Required action: Below are records to reproduce in full; copy them exactly but keep the pictures out.

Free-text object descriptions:
◇ ◇ ◇ ◇ ◇

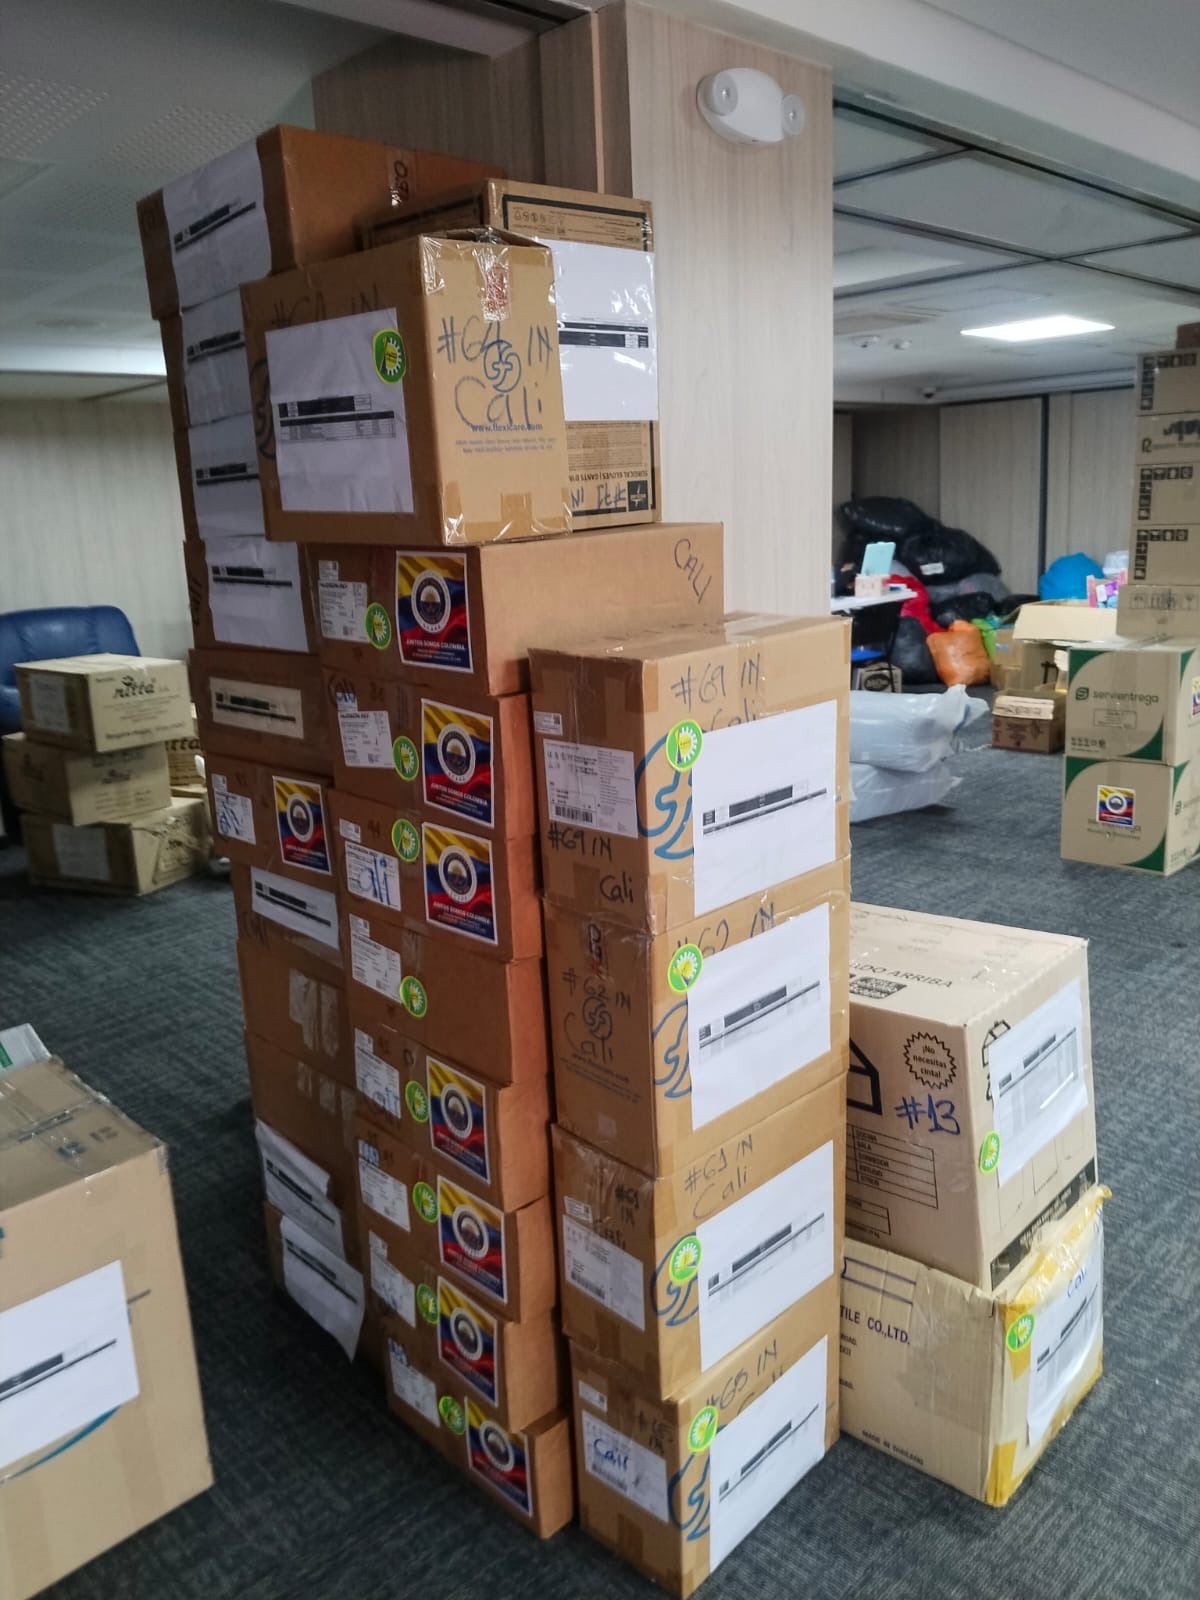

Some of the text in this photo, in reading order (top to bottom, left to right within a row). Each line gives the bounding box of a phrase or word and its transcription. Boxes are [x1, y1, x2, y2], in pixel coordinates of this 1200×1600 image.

[437, 315, 502, 363] #64
[528, 324, 553, 374] IN
[455, 375, 543, 431] Cali
[671, 653, 761, 713] #69 IN
[548, 822, 613, 863] #69 IN
[599, 872, 634, 905] Cali
[912, 1054, 947, 1069] necesitas
[894, 1093, 961, 1136] #13
[684, 1133, 753, 1195] #61 IN
[693, 1165, 748, 1220] Cali
[867, 1317, 910, 1345] CO.,LTD.
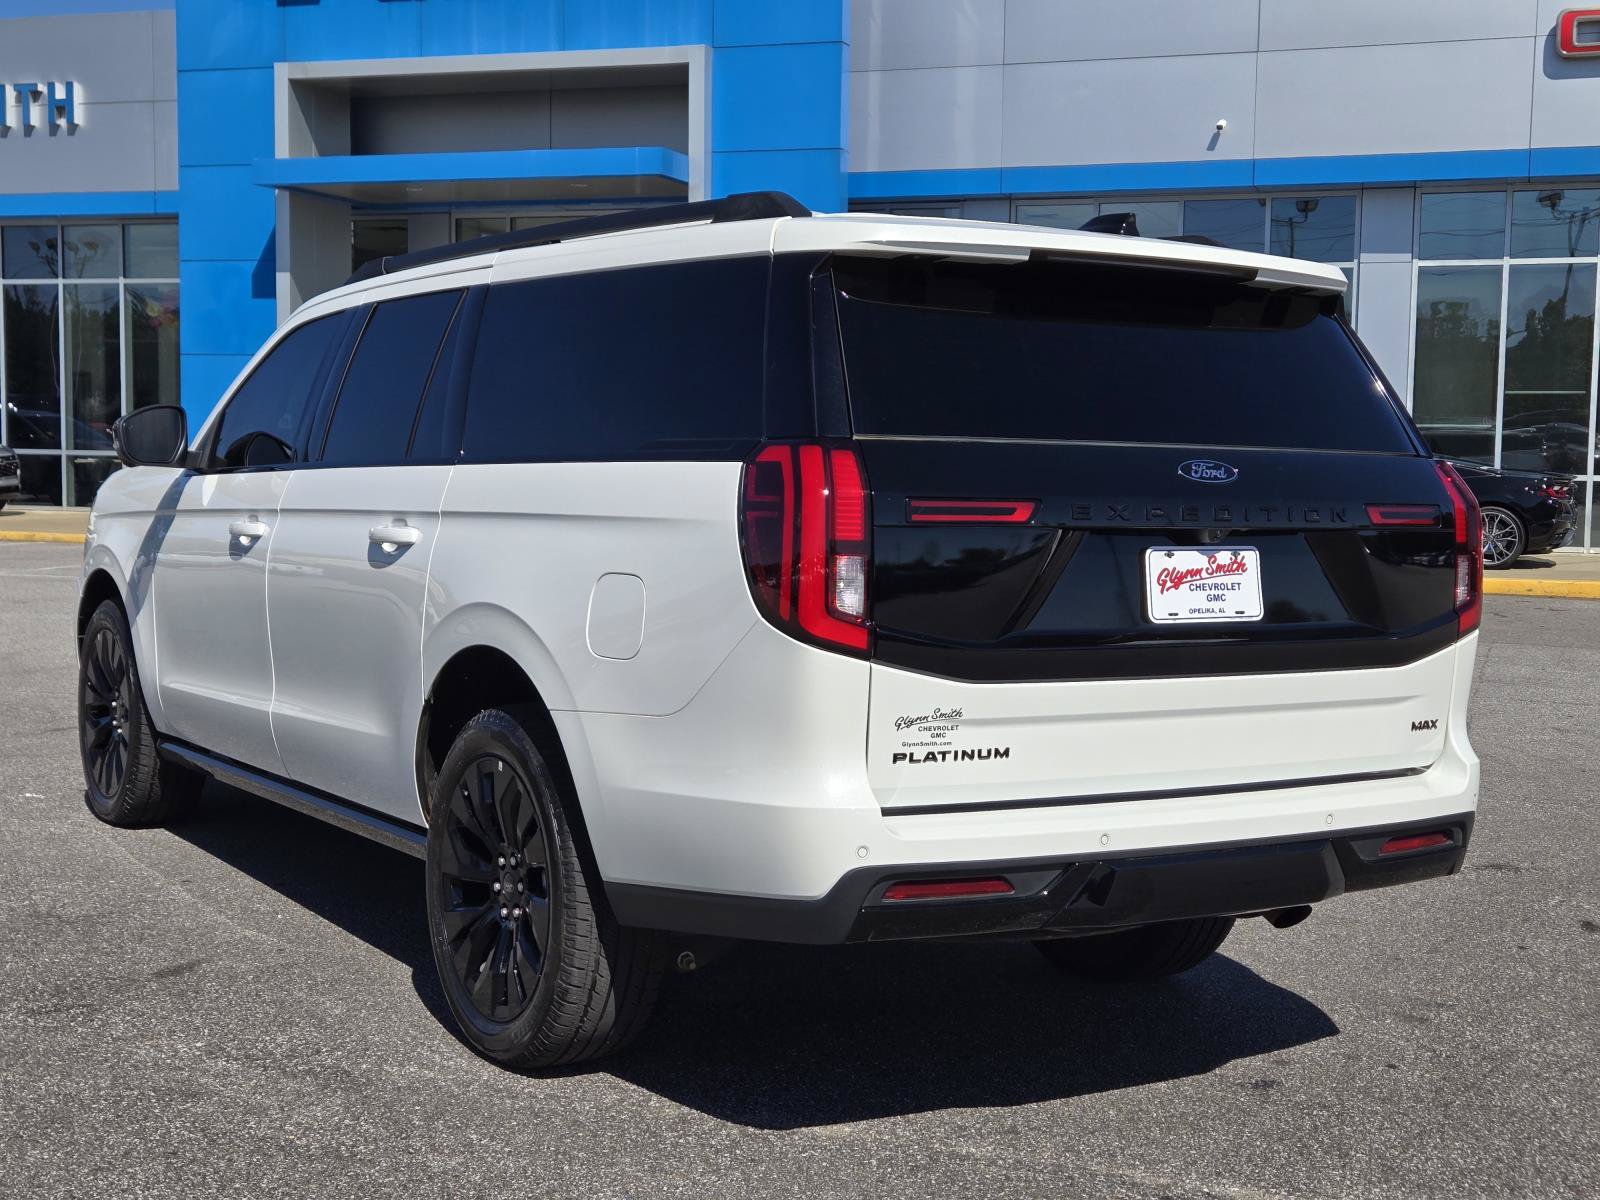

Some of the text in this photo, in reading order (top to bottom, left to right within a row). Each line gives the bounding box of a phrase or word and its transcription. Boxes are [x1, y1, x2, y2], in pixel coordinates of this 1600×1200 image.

[1190, 462, 1228, 480] Ford
[1069, 502, 1349, 523] EXPEDITION
[1157, 554, 1248, 595] Glynn Smith
[1188, 582, 1242, 592] CHEVROLET
[1206, 593, 1227, 602] GMC
[1188, 607, 1218, 615] OPELIKA,
[894, 706, 964, 732] Glynn Smith
[1410, 718, 1440, 732] MAX
[917, 724, 960, 732] CHEVROLET
[892, 747, 1011, 765] PLATINUM
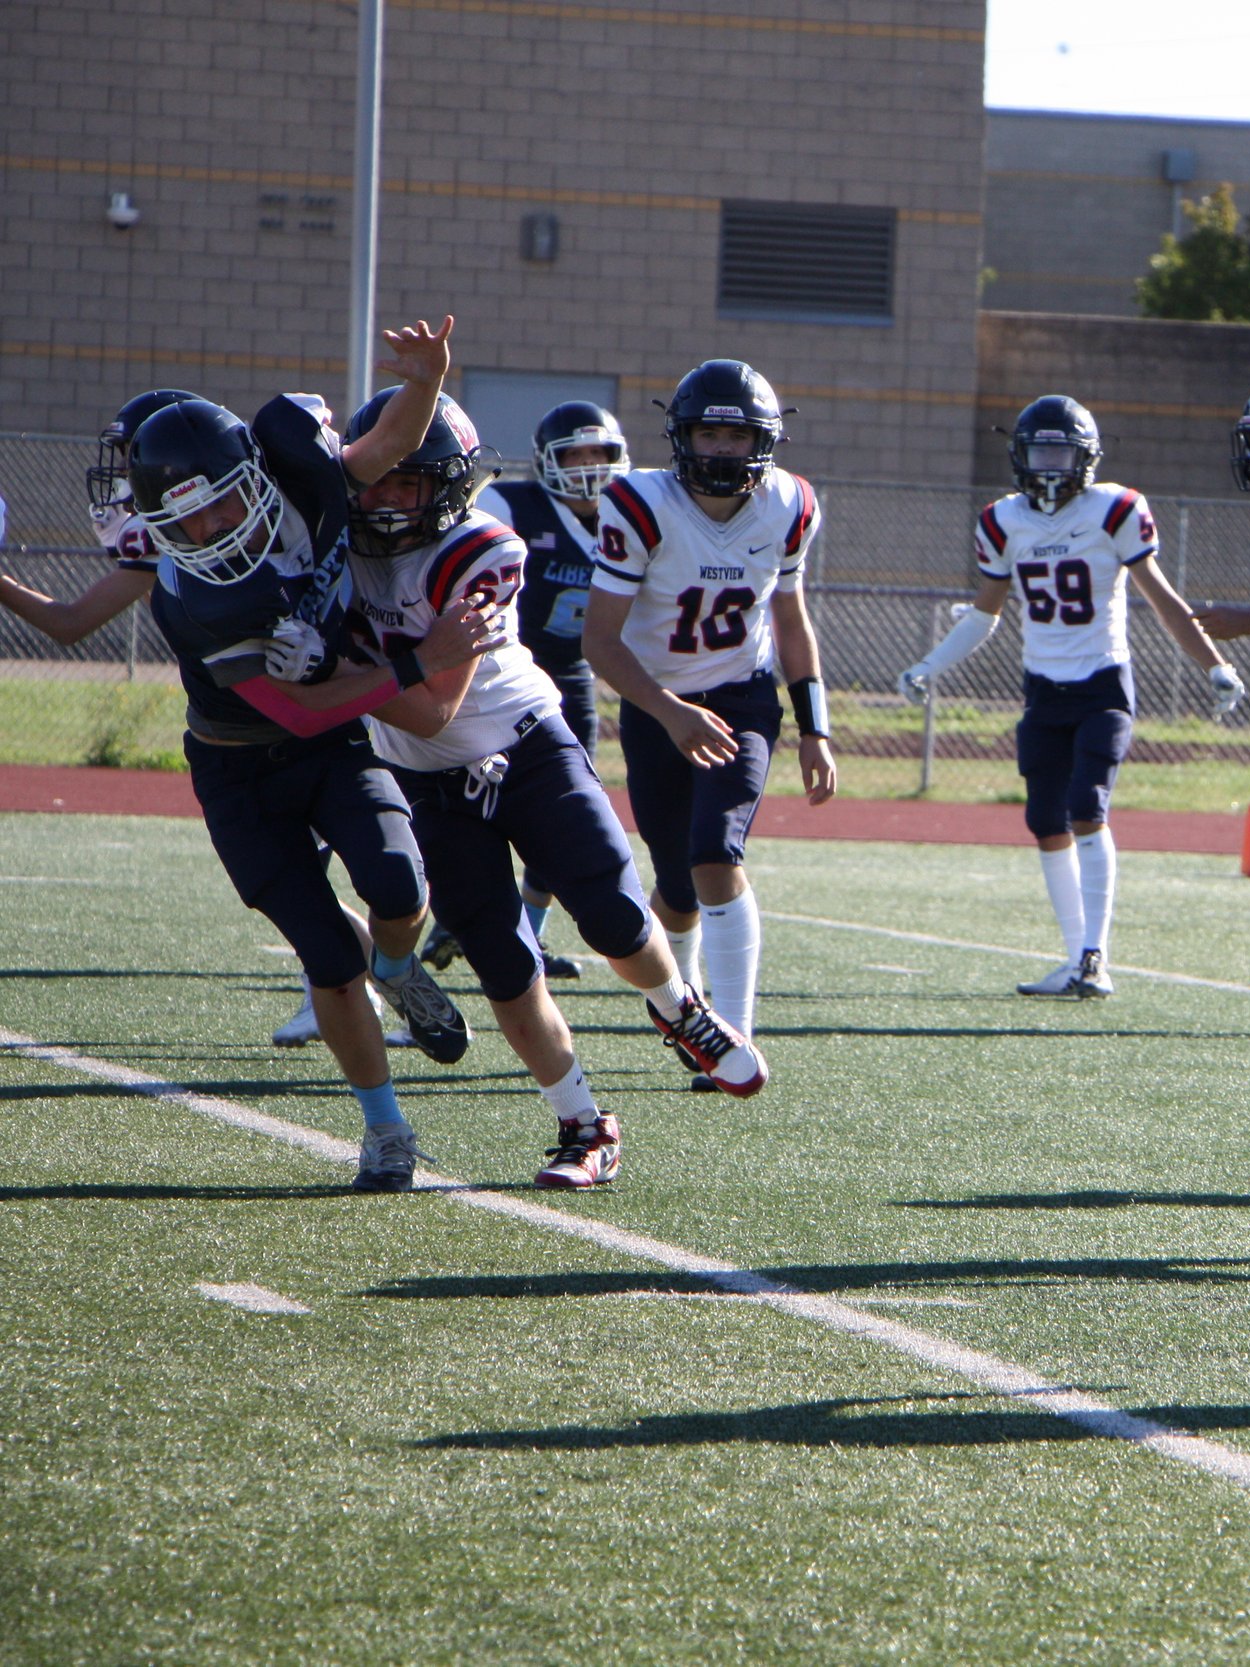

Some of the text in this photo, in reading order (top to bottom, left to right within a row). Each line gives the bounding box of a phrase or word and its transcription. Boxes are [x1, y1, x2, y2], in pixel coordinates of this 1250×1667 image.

◇ ◇ ◇ ◇ ◇

Solution to this task:
Some of the text in this photo, in reading order (top to bottom, left to right within a row). Each line gives the bounding box of a phrase or word and its transcription. Boxes are [x1, y1, x2, y2], in pixel coordinates of this 1200×1600 image.

[437, 315, 502, 363] #64
[528, 324, 553, 374] IN
[455, 375, 543, 431] Cali
[671, 653, 761, 713] #69 IN
[548, 822, 613, 863] #69 IN
[599, 872, 634, 905] Cali
[912, 1054, 947, 1069] necesitas
[894, 1093, 961, 1136] #13
[684, 1133, 753, 1195] #61 IN
[693, 1165, 748, 1220] Cali
[867, 1317, 910, 1345] CO.,LTD.

Some of the text in this photo, in reading order (top to bottom, left to right within a row). Each line gives the bounding box of a phrase or word and its transcription. Boxes are [x1, y1, x2, y2], in pixel coordinates of this 1600×1200 image.

[1190, 462, 1228, 480] Ford
[1069, 502, 1349, 523] EXPEDITION
[1157, 554, 1248, 595] Glynn Smith
[1188, 582, 1242, 592] CHEVROLET
[1206, 593, 1227, 602] GMC
[1188, 607, 1218, 615] OPELIKA,
[894, 706, 964, 732] Glynn Smith
[1410, 718, 1440, 732] MAX
[917, 724, 960, 732] CHEVROLET
[892, 747, 1011, 765] PLATINUM

Some of the text in this photo, in reading order (top to bottom, left to right within a row). Each line gives the bounding box of a phrase or word and its transcription. Boxes are [x1, y1, x2, y2], in pixel coordinates of this 1250×1667 image.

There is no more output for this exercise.